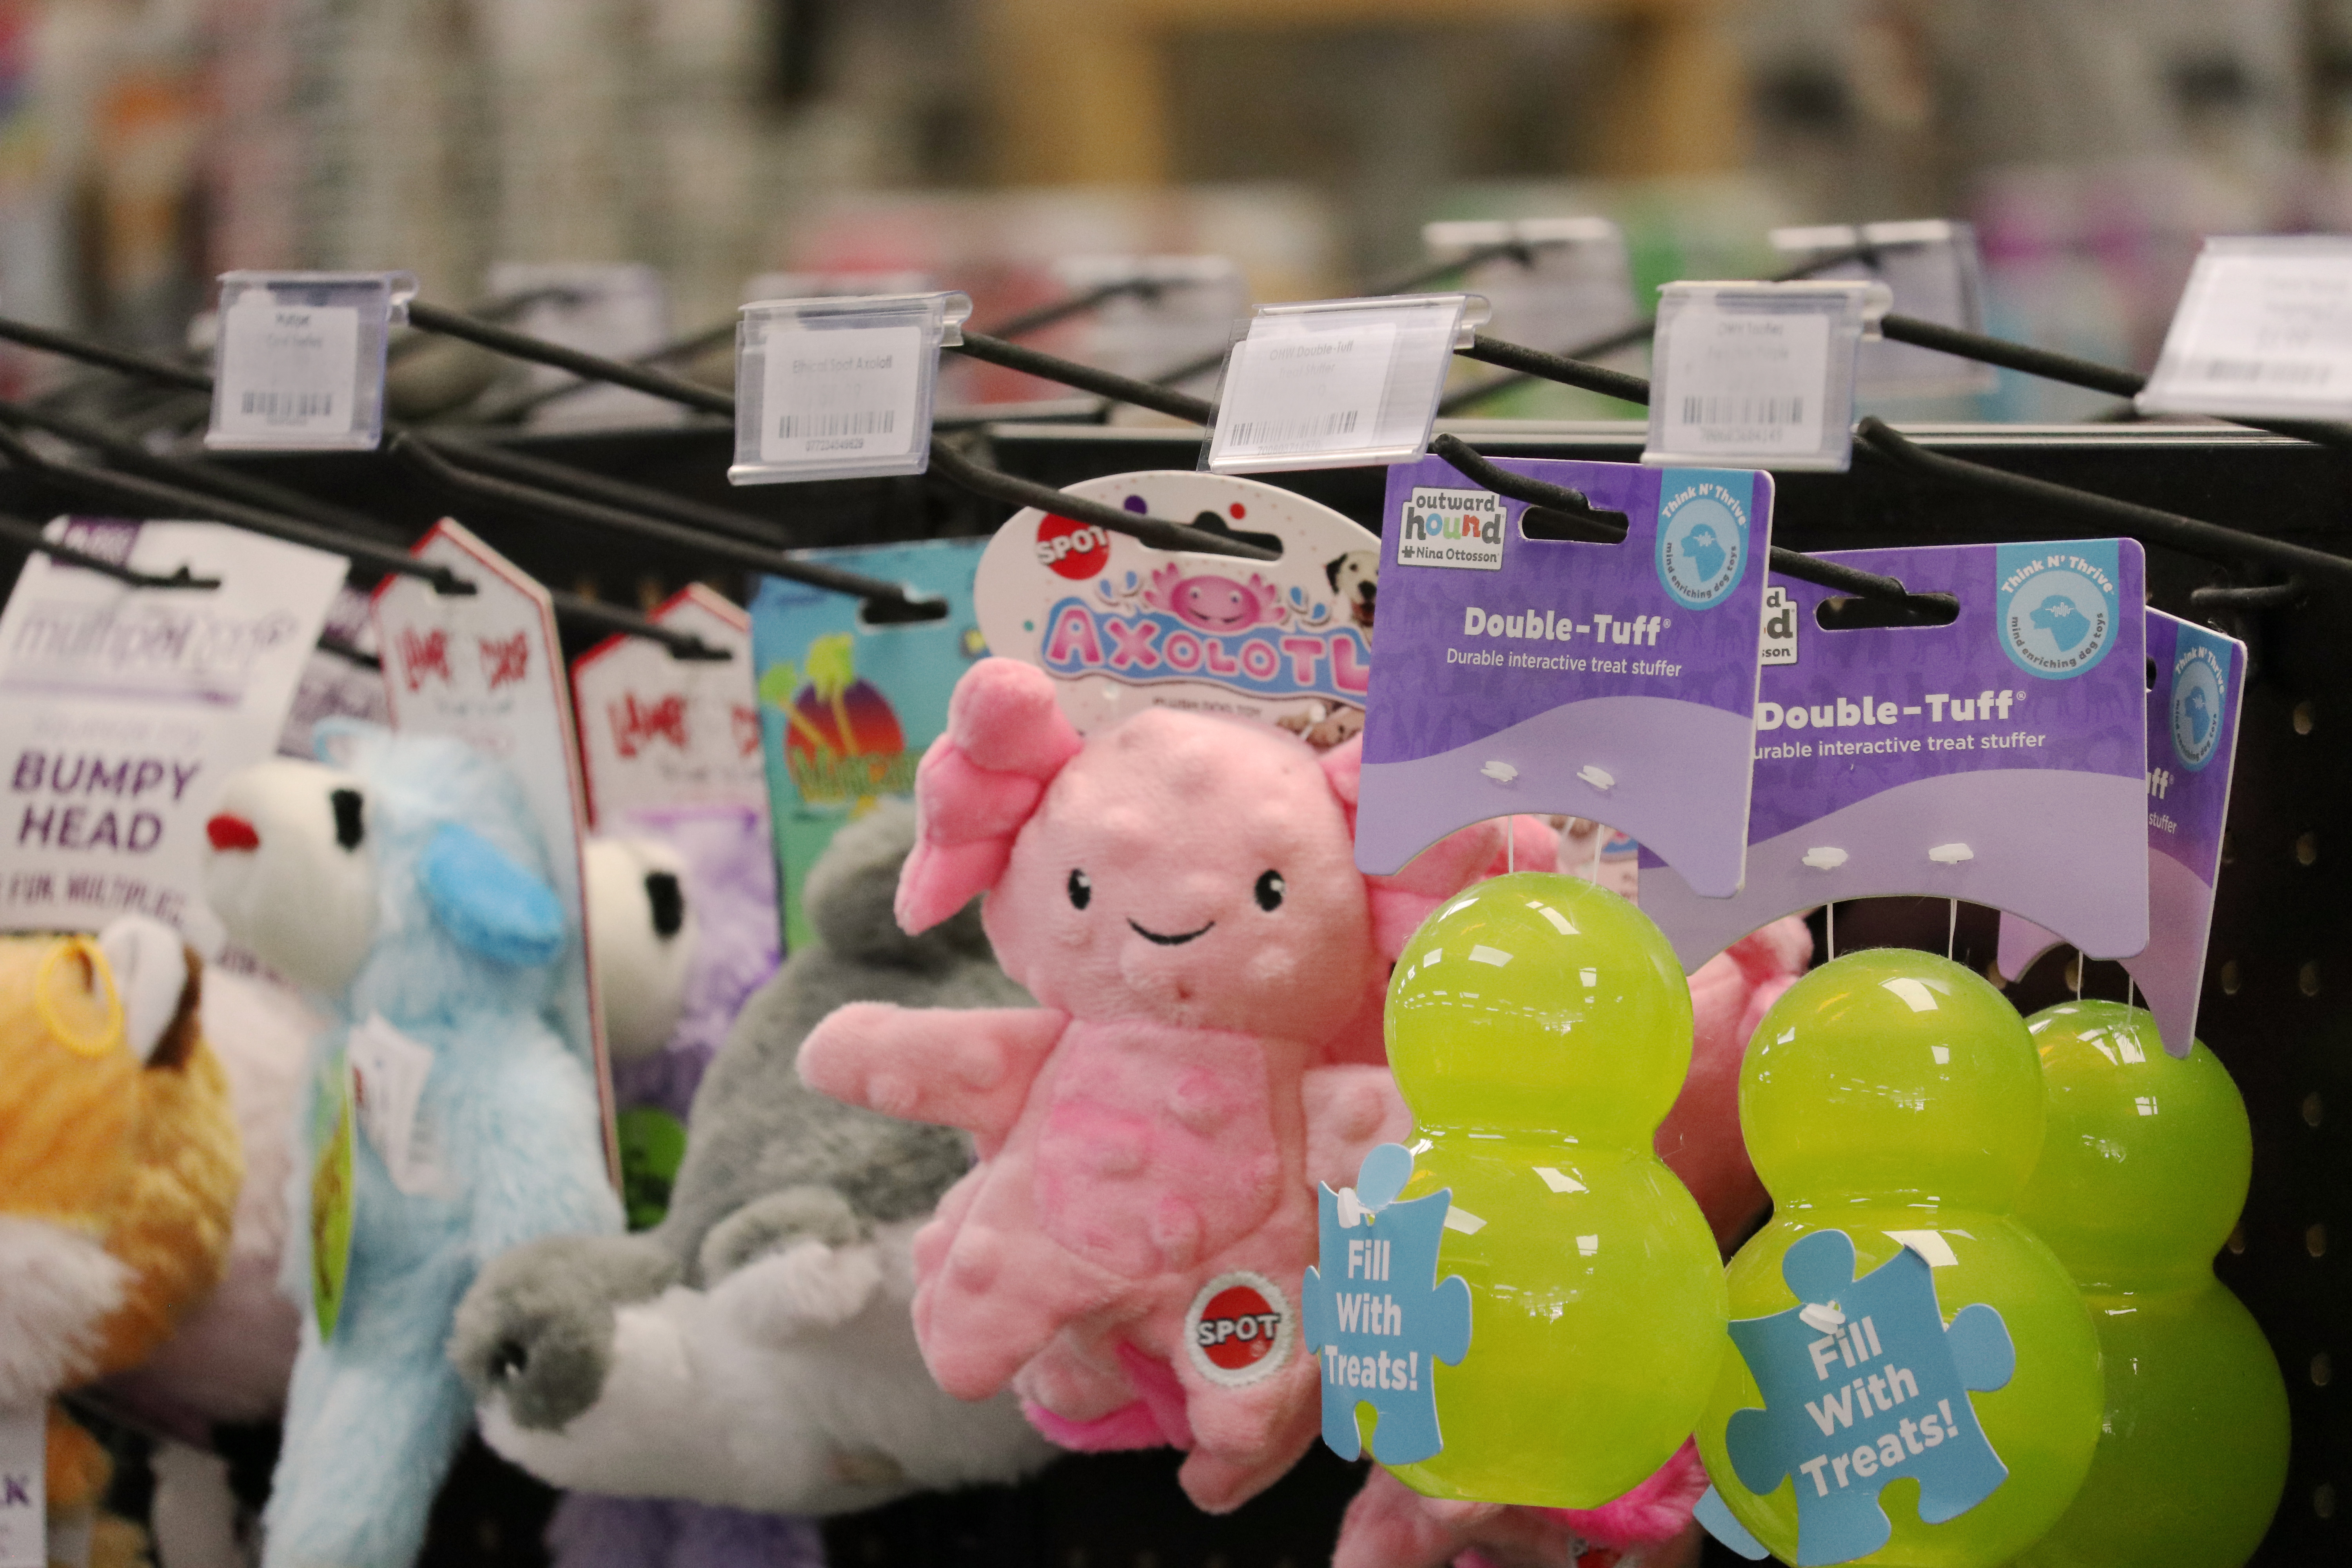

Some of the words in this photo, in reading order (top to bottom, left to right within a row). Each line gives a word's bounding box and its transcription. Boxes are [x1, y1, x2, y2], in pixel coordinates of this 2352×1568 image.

[793, 359, 827, 374] Ethical
[830, 358, 853, 373] Spot
[1416, 492, 1495, 512] outward
[1662, 486, 1696, 517] Think
[1699, 483, 1713, 495] N'
[1715, 485, 1746, 525] Thrive
[1036, 525, 1107, 566] SPOT
[1405, 507, 1501, 544] hound
[1417, 547, 1443, 559] Nina
[1446, 548, 1497, 562] Ottosson
[1672, 575, 1712, 598] enriching
[1714, 574, 1729, 592] dog
[1727, 546, 1737, 570] toys
[2001, 560, 2044, 593] Think
[2047, 555, 2065, 567] N'
[2069, 556, 2113, 593] Thrive
[1047, 608, 1370, 693] AXOLOTL
[2012, 617, 2025, 647] mind
[2022, 648, 2076, 668] enriching
[2079, 641, 2098, 659] dog
[2094, 613, 2105, 638] toys
[1447, 648, 1504, 666] Durable
[1508, 652, 1586, 671] interactive
[1591, 658, 1627, 674] treat
[1632, 659, 1682, 677] stuffer
[2176, 646, 2197, 674] Think
[2208, 651, 2225, 694] Thrive
[1754, 742, 1812, 760] urable
[1819, 737, 1921, 757] interactive
[1927, 735, 1975, 751] treat
[1981, 731, 2045, 749] stuffer
[13, 751, 201, 801] BUMPY
[18, 806, 162, 853] HEAD
[2149, 813, 2177, 834] stuffer
[1348, 1240, 1390, 1281] Fill
[1198, 1313, 1280, 1347] SPOT
[1336, 1292, 1401, 1336] With
[1325, 1345, 1418, 1390] Treats!
[1808, 1316, 1882, 1381] Fill
[1804, 1363, 1919, 1436] With
[1800, 1399, 1958, 1497] Treats!
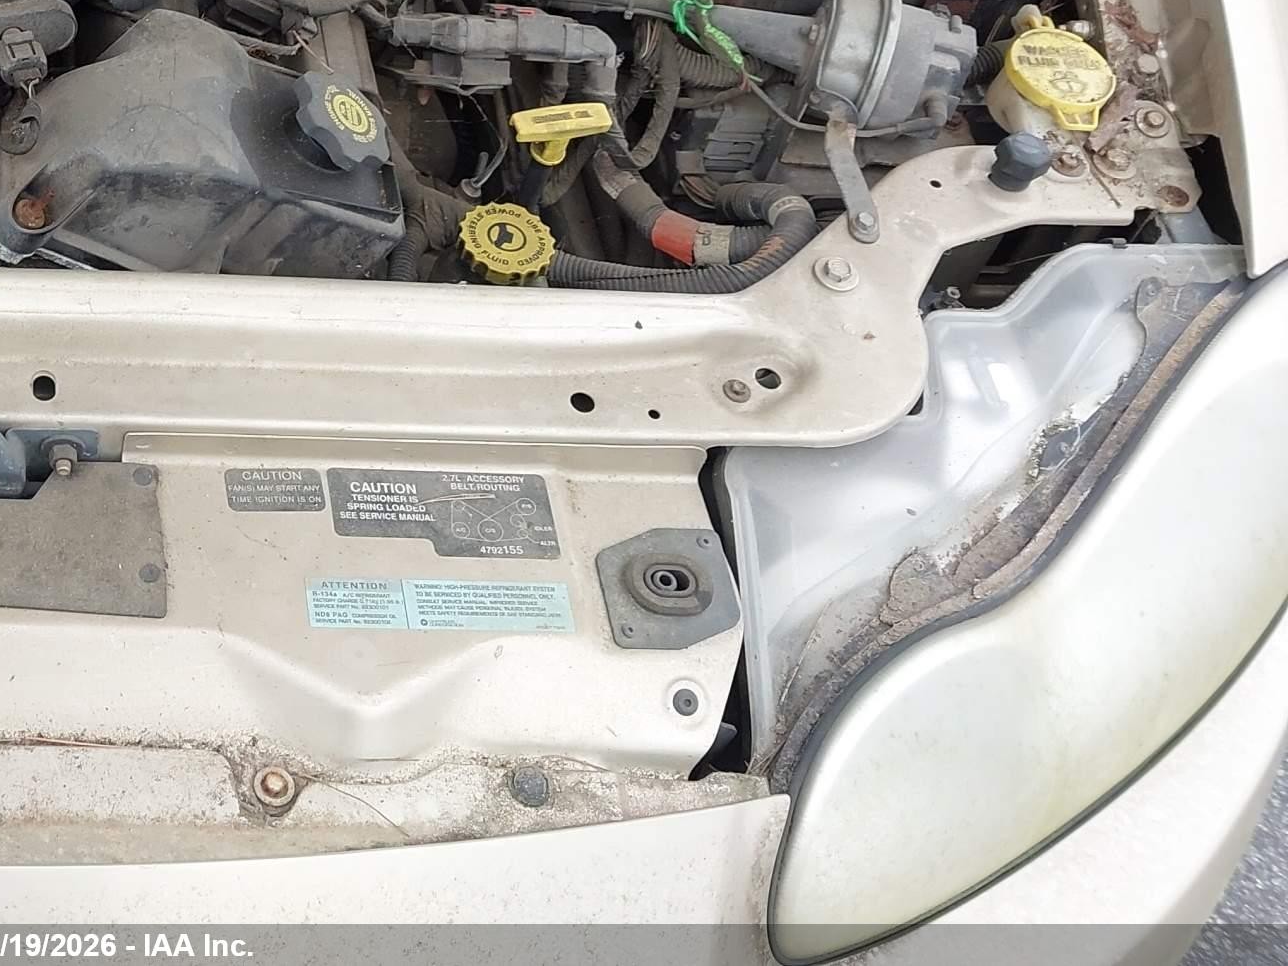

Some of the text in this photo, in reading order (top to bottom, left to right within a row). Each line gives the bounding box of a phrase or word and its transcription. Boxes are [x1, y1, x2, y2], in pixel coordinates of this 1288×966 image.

[481, 250, 509, 266] FLUID
[242, 471, 303, 481] CAUTION
[442, 474, 525, 484] 2.7L ACCESSORY
[257, 484, 274, 493] MAY
[276, 485, 301, 493] START
[303, 485, 321, 493] ANY
[350, 482, 416, 495] CAUTION
[477, 484, 520, 492] ROUTING
[352, 494, 419, 503] TENSIONER IS
[347, 503, 426, 512] SPRING LOADED
[339, 511, 436, 522] SEE SERVICE MANUAL
[322, 581, 388, 590] ATTENTION
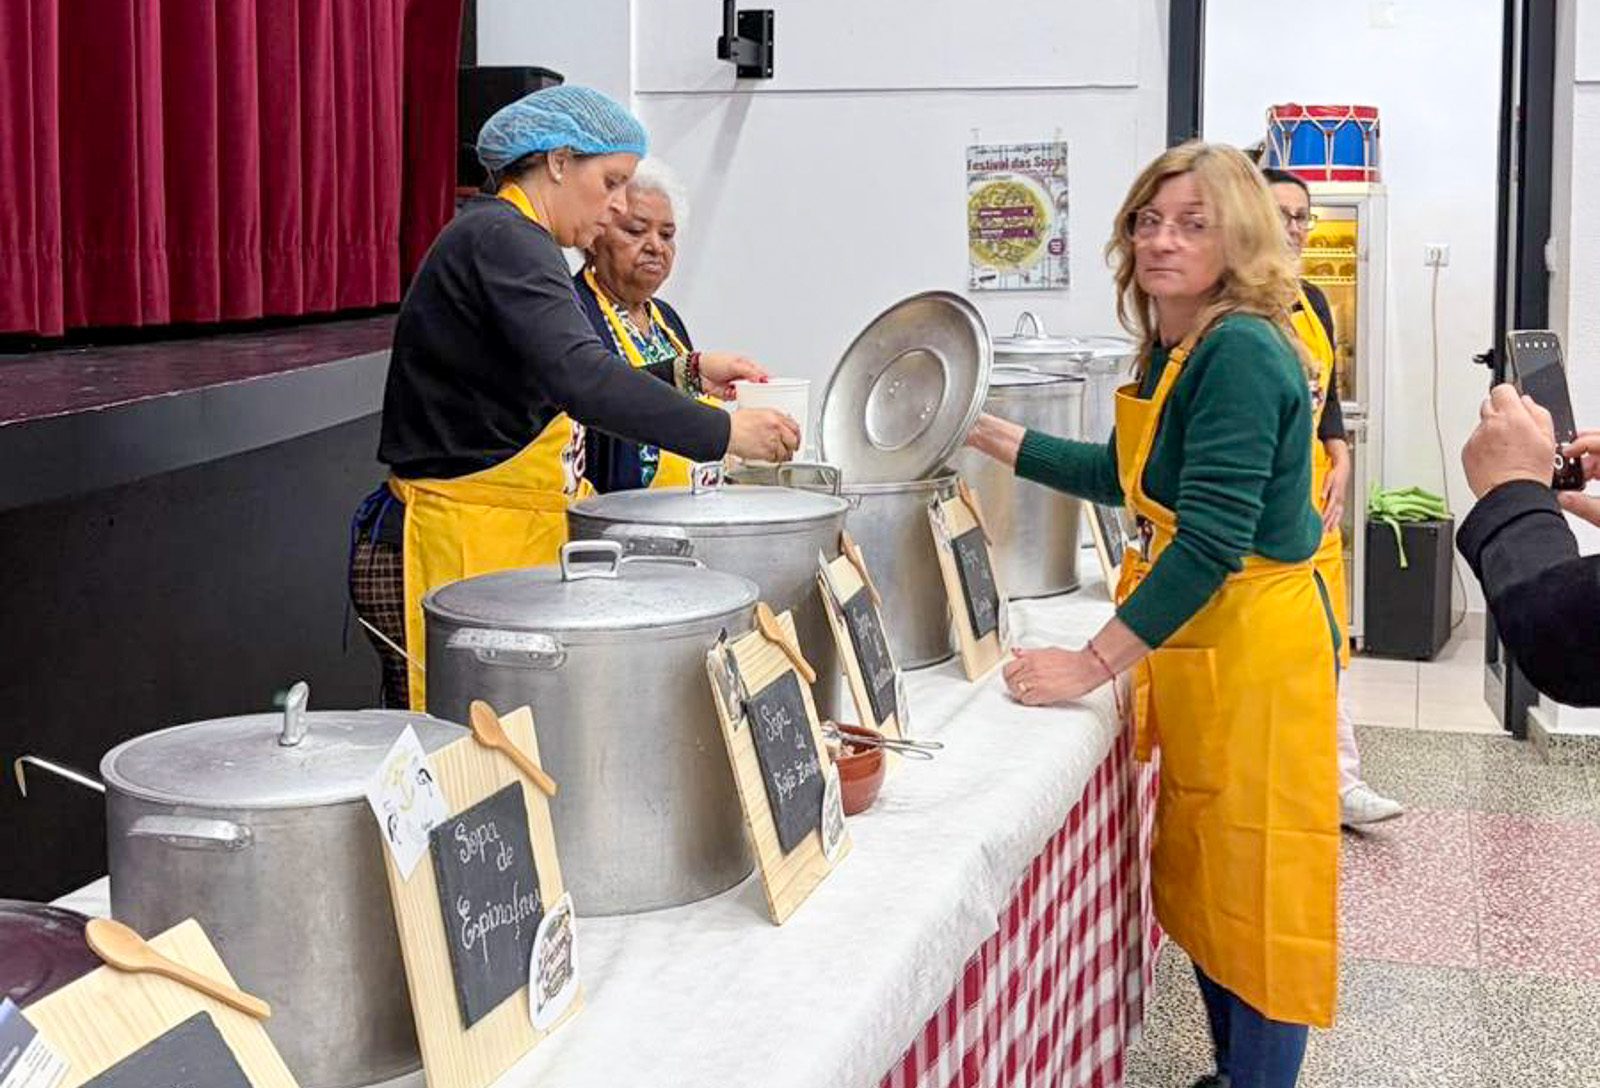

━━━━━━━━━━━━━━━━

- WHAT THE TASK REQUIRES -
Exact copy, no pictures: write out all the records above.

- TASK SOLUTION -
Some of the words in this photo, in reading order (top to bottom, left to right within a row). Each line gives a word's bounding box and its transcription. Boxes are [x1, y1, x2, y2], in pixel coordinates of this 2352×1568 image.

[793, 359, 827, 374] Ethical
[830, 358, 853, 373] Spot
[1416, 492, 1495, 512] outward
[1662, 486, 1696, 517] Think
[1699, 483, 1713, 495] N'
[1715, 485, 1746, 525] Thrive
[1036, 525, 1107, 566] SPOT
[1405, 507, 1501, 544] hound
[1417, 547, 1443, 559] Nina
[1446, 548, 1497, 562] Ottosson
[1672, 575, 1712, 598] enriching
[1714, 574, 1729, 592] dog
[1727, 546, 1737, 570] toys
[2001, 560, 2044, 593] Think
[2047, 555, 2065, 567] N'
[2069, 556, 2113, 593] Thrive
[1047, 608, 1370, 693] AXOLOTL
[2012, 617, 2025, 647] mind
[2022, 648, 2076, 668] enriching
[2079, 641, 2098, 659] dog
[2094, 613, 2105, 638] toys
[1447, 648, 1504, 666] Durable
[1508, 652, 1586, 671] interactive
[1591, 658, 1627, 674] treat
[1632, 659, 1682, 677] stuffer
[2176, 646, 2197, 674] Think
[2208, 651, 2225, 694] Thrive
[1754, 742, 1812, 760] urable
[1819, 737, 1921, 757] interactive
[1927, 735, 1975, 751] treat
[1981, 731, 2045, 749] stuffer
[13, 751, 201, 801] BUMPY
[18, 806, 162, 853] HEAD
[2149, 813, 2177, 834] stuffer
[1348, 1240, 1390, 1281] Fill
[1198, 1313, 1280, 1347] SPOT
[1336, 1292, 1401, 1336] With
[1325, 1345, 1418, 1390] Treats!
[1808, 1316, 1882, 1381] Fill
[1804, 1363, 1919, 1436] With
[1800, 1399, 1958, 1497] Treats!

Some of the text in this photo, in reading order (top to bottom, left to right within a row). Each line gives the bounding box of a phrase or word and its transcription. Boxes are [x1, y1, x2, y2], in pixel coordinates of this 1288×966 image.

[481, 250, 509, 266] FLUID
[242, 471, 303, 481] CAUTION
[442, 474, 525, 484] 2.7L ACCESSORY
[257, 484, 274, 493] MAY
[276, 485, 301, 493] START
[303, 485, 321, 493] ANY
[350, 482, 416, 495] CAUTION
[477, 484, 520, 492] ROUTING
[352, 494, 419, 503] TENSIONER IS
[347, 503, 426, 512] SPRING LOADED
[339, 511, 436, 522] SEE SERVICE MANUAL
[322, 581, 388, 590] ATTENTION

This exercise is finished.